-------- STUDY MATERIAL
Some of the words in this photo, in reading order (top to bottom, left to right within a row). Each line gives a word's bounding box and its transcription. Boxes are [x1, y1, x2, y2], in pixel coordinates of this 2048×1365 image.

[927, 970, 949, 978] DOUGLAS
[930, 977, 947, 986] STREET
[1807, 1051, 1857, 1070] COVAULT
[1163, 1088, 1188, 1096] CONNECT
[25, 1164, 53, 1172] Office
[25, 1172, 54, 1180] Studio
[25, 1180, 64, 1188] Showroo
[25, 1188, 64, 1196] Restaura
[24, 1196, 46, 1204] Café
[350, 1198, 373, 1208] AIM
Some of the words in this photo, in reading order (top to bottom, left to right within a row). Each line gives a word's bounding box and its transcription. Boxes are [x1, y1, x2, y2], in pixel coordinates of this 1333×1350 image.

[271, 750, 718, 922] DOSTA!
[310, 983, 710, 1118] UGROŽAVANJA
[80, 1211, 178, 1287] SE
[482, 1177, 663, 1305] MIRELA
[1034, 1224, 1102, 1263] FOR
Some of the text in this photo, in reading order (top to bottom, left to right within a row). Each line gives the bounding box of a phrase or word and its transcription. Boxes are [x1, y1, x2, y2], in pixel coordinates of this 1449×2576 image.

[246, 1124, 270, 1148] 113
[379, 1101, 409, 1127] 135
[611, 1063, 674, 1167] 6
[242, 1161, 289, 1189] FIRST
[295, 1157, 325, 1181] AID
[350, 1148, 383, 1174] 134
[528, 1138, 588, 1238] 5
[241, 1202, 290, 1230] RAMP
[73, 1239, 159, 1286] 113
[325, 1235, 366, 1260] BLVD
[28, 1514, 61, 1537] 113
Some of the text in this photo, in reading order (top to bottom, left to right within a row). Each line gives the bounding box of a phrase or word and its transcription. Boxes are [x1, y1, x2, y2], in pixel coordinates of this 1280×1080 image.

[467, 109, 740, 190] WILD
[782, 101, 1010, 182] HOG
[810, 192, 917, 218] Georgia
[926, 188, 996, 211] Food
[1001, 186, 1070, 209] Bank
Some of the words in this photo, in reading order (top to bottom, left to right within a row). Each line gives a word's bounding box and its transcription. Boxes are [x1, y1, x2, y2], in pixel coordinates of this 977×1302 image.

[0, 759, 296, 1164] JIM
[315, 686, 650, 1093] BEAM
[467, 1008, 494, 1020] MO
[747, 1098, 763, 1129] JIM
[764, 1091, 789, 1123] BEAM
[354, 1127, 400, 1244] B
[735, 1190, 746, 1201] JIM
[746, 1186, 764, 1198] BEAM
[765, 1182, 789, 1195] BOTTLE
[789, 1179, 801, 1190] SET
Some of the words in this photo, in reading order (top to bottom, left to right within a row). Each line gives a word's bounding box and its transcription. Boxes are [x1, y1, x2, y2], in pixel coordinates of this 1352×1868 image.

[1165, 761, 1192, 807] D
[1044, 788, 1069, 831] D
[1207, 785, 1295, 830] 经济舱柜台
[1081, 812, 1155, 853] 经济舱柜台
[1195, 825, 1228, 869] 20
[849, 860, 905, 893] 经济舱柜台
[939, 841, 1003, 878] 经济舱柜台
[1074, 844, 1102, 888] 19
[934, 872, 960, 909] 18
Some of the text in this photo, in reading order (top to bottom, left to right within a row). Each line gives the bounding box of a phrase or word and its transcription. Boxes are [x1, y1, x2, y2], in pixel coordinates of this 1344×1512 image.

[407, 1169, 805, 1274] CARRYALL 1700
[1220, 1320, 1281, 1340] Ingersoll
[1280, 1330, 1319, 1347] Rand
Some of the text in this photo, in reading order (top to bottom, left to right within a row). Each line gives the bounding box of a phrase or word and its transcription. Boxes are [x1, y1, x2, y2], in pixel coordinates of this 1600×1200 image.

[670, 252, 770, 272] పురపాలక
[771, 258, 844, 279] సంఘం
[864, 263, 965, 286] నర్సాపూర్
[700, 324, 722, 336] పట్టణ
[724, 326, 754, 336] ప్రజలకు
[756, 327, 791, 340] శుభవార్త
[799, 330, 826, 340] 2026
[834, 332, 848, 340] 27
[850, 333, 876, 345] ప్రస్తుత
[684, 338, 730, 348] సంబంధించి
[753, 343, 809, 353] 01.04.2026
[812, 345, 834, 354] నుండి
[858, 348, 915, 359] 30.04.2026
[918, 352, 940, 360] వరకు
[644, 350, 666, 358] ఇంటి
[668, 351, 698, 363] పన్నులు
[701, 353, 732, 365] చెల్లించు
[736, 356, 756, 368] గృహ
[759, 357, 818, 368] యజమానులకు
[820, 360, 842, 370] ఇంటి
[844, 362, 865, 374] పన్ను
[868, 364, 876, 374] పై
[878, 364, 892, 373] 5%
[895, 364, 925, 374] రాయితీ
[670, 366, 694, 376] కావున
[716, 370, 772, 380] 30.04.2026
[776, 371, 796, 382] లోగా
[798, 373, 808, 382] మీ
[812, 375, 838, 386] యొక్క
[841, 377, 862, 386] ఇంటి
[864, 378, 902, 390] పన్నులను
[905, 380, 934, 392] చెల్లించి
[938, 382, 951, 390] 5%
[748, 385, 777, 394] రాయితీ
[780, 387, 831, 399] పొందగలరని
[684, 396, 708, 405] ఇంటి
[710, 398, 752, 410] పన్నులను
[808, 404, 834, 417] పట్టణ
----------------
#### ABOUT THIS EXERCISE
The data must be transcribed in full. Every word stays the same.

#### EXERCISE RESULT
Some of the words in this photo, in reading order (top to bottom, left to right within a row). Each line gives a word's bounding box and its transcription. Boxes are [x1, y1, x2, y2], in pixel coordinates of this 2048×1365 image.

[927, 970, 949, 978] DOUGLAS
[930, 977, 947, 986] STREET
[1807, 1051, 1857, 1070] COVAULT
[1163, 1088, 1188, 1096] CONNECT
[25, 1164, 53, 1172] Office
[25, 1172, 54, 1180] Studio
[25, 1180, 64, 1188] Showroo
[25, 1188, 64, 1196] Restaura
[24, 1196, 46, 1204] Café
[350, 1198, 373, 1208] AIM
Some of the words in this photo, in reading order (top to bottom, left to right within a row). Each line gives a word's bounding box and its transcription. Boxes are [x1, y1, x2, y2], in pixel coordinates of this 1333×1350 image.

[271, 750, 718, 922] DOSTA!
[310, 983, 710, 1118] UGROŽAVANJA
[80, 1211, 178, 1287] SE
[482, 1177, 663, 1305] MIRELA
[1034, 1224, 1102, 1263] FOR
Some of the text in this photo, in reading order (top to bottom, left to right within a row). Each line gives the bounding box of a phrase or word and its transcription. Boxes are [x1, y1, x2, y2], in pixel coordinates of this 1449×2576 image.

[246, 1124, 270, 1148] 113
[379, 1101, 409, 1127] 135
[611, 1063, 674, 1167] 6
[242, 1161, 289, 1189] FIRST
[295, 1157, 325, 1181] AID
[350, 1148, 383, 1174] 134
[528, 1138, 588, 1238] 5
[241, 1202, 290, 1230] RAMP
[73, 1239, 159, 1286] 113
[325, 1235, 366, 1260] BLVD
[28, 1514, 61, 1537] 113
Some of the text in this photo, in reading order (top to bottom, left to right within a row). Each line gives the bounding box of a phrase or word and its transcription. Boxes are [x1, y1, x2, y2], in pixel coordinates of this 1280×1080 image.

[467, 109, 740, 190] WILD
[782, 101, 1010, 182] HOG
[810, 192, 917, 218] Georgia
[926, 188, 996, 211] Food
[1001, 186, 1070, 209] Bank
Some of the words in this photo, in reading order (top to bottom, left to right within a row). Each line gives a word's bounding box and its transcription. Boxes are [x1, y1, x2, y2], in pixel coordinates of this 977×1302 image.

[0, 759, 296, 1164] JIM
[315, 686, 650, 1093] BEAM
[467, 1008, 494, 1020] MO
[747, 1098, 763, 1129] JIM
[764, 1091, 789, 1123] BEAM
[354, 1127, 400, 1244] B
[735, 1190, 746, 1201] JIM
[746, 1186, 764, 1198] BEAM
[765, 1182, 789, 1195] BOTTLE
[789, 1179, 801, 1190] SET
Some of the words in this photo, in reading order (top to bottom, left to right within a row). Each line gives a word's bounding box and its transcription. Boxes are [x1, y1, x2, y2], in pixel coordinates of this 1352×1868 image.

[1165, 761, 1192, 807] D
[1044, 788, 1069, 831] D
[1207, 785, 1295, 830] 经济舱柜台
[1081, 812, 1155, 853] 经济舱柜台
[1195, 825, 1228, 869] 20
[849, 860, 905, 893] 经济舱柜台
[939, 841, 1003, 878] 经济舱柜台
[1074, 844, 1102, 888] 19
[934, 872, 960, 909] 18
Some of the text in this photo, in reading order (top to bottom, left to right within a row). Each line gives the bounding box of a phrase or word and its transcription. Boxes are [x1, y1, x2, y2], in pixel coordinates of this 1344×1512 image.

[407, 1169, 805, 1274] CARRYALL 1700
[1220, 1320, 1281, 1340] Ingersoll
[1280, 1330, 1319, 1347] Rand
Some of the text in this photo, in reading order (top to bottom, left to right within a row). Each line gives the bounding box of a phrase or word and its transcription. Boxes are [x1, y1, x2, y2], in pixel coordinates of this 1600×1200 image.

[670, 252, 770, 272] పురపాలక
[771, 258, 844, 279] సంఘం
[864, 263, 965, 286] నర్సాపూర్
[700, 324, 722, 336] పట్టణ
[724, 326, 754, 336] ప్రజలకు
[756, 327, 791, 340] శుభవార్త
[799, 330, 826, 340] 2026
[834, 332, 848, 340] 27
[850, 333, 876, 345] ప్రస్తుత
[684, 338, 730, 348] సంబంధించి
[753, 343, 809, 353] 01.04.2026
[812, 345, 834, 354] నుండి
[858, 348, 915, 359] 30.04.2026
[918, 352, 940, 360] వరకు
[644, 350, 666, 358] ఇంటి
[668, 351, 698, 363] పన్నులు
[701, 353, 732, 365] చెల్లించు
[736, 356, 756, 368] గృహ
[759, 357, 818, 368] యజమానులకు
[820, 360, 842, 370] ఇంటి
[844, 362, 865, 374] పన్ను
[868, 364, 876, 374] పై
[878, 364, 892, 373] 5%
[895, 364, 925, 374] రాయితీ
[670, 366, 694, 376] కావున
[716, 370, 772, 380] 30.04.2026
[776, 371, 796, 382] లోగా
[798, 373, 808, 382] మీ
[812, 375, 838, 386] యొక్క
[841, 377, 862, 386] ఇంటి
[864, 378, 902, 390] పన్నులను
[905, 380, 934, 392] చెల్లించి
[938, 382, 951, 390] 5%
[748, 385, 777, 394] రాయితీ
[780, 387, 831, 399] పొందగలరని
[684, 396, 708, 405] ఇంటి
[710, 398, 752, 410] పన్నులను
[808, 404, 834, 417] పట్టణ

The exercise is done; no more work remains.